In my last book launched literally right at the start of the pandemic, Grace Canceled, I dove into racial issues and Christianity:

The problem with identity politics and intersectionality is this: Things that have identified and defined a culture are now used as barriers to prevent fellowship with one another. In Galatians 3:28, Paul writes, “There is neither Jew nor Gentile, neither slave nor free, nor is there male and female, for you are all one in Christ Jesus.”

The best nationalism, the best tribalism, is that of the kingdom. If people couldn’t identify as children of God, they might at least identity first as Americans. But now the very concept of America and her guiding principles are under assault, their legitimacy questioned as each moment in history is retroactively judged by standards of the modern era. Impugning the character of the founders who asserted our unalienable rights, we call into question those rights themselves, as if the legitimacy of the latter had anything to do with the former. There is an all-out war against every tie that would hold us all together.


Identity politics is a tactic of statists, who foster resentment and envy and then peddle the lie that a bigger government can make everything fairer. These feelings justify the cruelty inherent in identity politics. Democrats’ favorite tactic is smearing as a “racist” anyone who disagrees with them, challenges their opinion, or simply exists while thinking different thoughts.

Racist is a dirty, heavy term, a term for those with some of the worst moral deficiencies. No one wants to associate himself with a person who thinks his skin color is a self-made accomplishment rather than the product of chance. The idea of racial supremacy is an unchristian view entirely contradicted by the Gospels. While everyone is a child of God, racism promotes the supremacy of one over another, making identity an idol and supplanting God in the order of sovereignty and worship. One of the most important things I was ever taught is that God did not make one of His children more valuable or more redeemable than the other. The belief and practice of racism contradict that.

It is a sin.

To falsely accuse someone of such a moral deficiency is also a sin.

It is grossly immoral to claim that you oppose racism for the evil it is while falsely accusing someone of it—not because you believe that person to be racist, but because you cannot engage in a clash of ideals and hold your own without trying to injure the other person’s character and reputation— is a moral deficiency.

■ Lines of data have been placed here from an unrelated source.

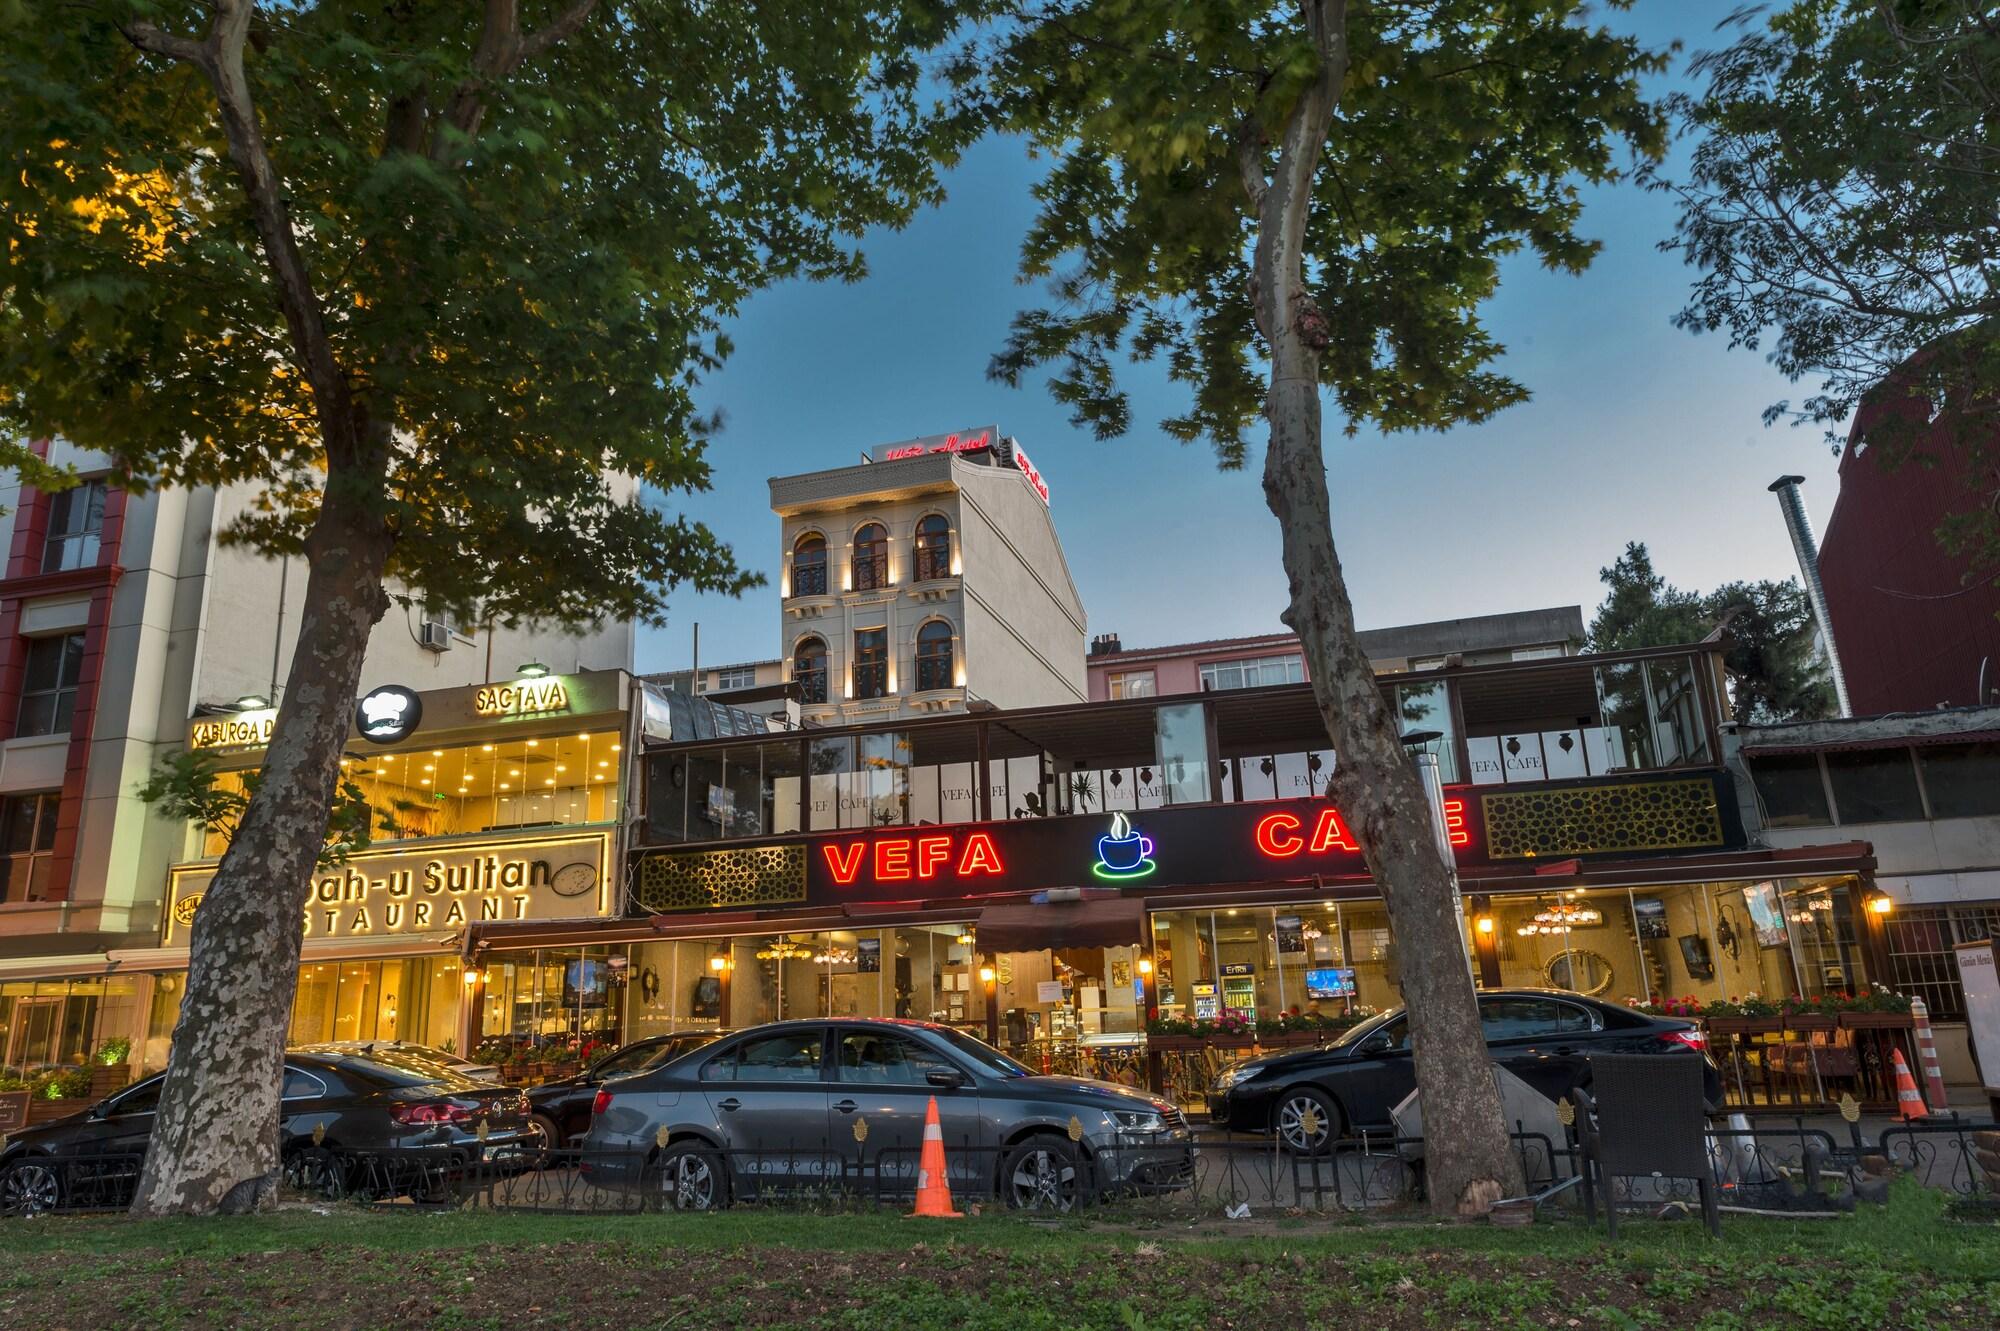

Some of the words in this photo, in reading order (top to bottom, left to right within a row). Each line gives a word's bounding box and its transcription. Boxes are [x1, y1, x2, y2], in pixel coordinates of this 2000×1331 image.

[516, 682, 563, 706] TAVA
[191, 721, 260, 746] KABURGA
[263, 719, 275, 738] D
[1506, 756, 1542, 770] CAFE
[942, 788, 971, 801] VEFA
[823, 834, 1002, 883] VEFA
[1257, 801, 1468, 856] CAE
[422, 856, 551, 894] Sultan

 Identity politics reduces the person to a singular issue/s and distances us from not only the merits of an issue, but the humanity of those involved in the discussion. 

I wrote this book nearly two years ago now and while it didn’t seem very prescient then, it does now. Case in point:

Nobody cares what color Jesus is because it is entirely irrelevant to the Christian faith. Statism is the only religion in which skin color matters. We don’t worship Jesus because of his appearance, we worship Him because He is who He is, the Savior of this undeserving world (quick example in Romans 3:23; 5:6). No one is capable of loving as much as Jesus loves, and no one is capable of saving people who have wronged them as much as we wretched sinners all have wronged Him. Anyone who thinks that identity would ever come into play doesn’t know Jesus, doesn’t know Scripture, doesn’t know God (1 John 2:4). The Gospels stress unity within the kingdom, there is no emphasis at all placed upon appearance or even customs. The physical appearance of Jesus has never had any impact on the teachings of Jesus, faith in Jesus, or anything else. His appearance is insignificant because it doesn’t change our faith in, our worship of, our relationship with Him. Any insistence otherwise betrays Scripture. We are children of God, period. The only identity that matters is being a child of God. Christianity cancels a cancel culture that denies redemption.

I love this from Christine Rousselle:

We Christians don’t care what color Jesus is, what form He is, none of this is relevant to the story of a world saved by the Great Redeemer.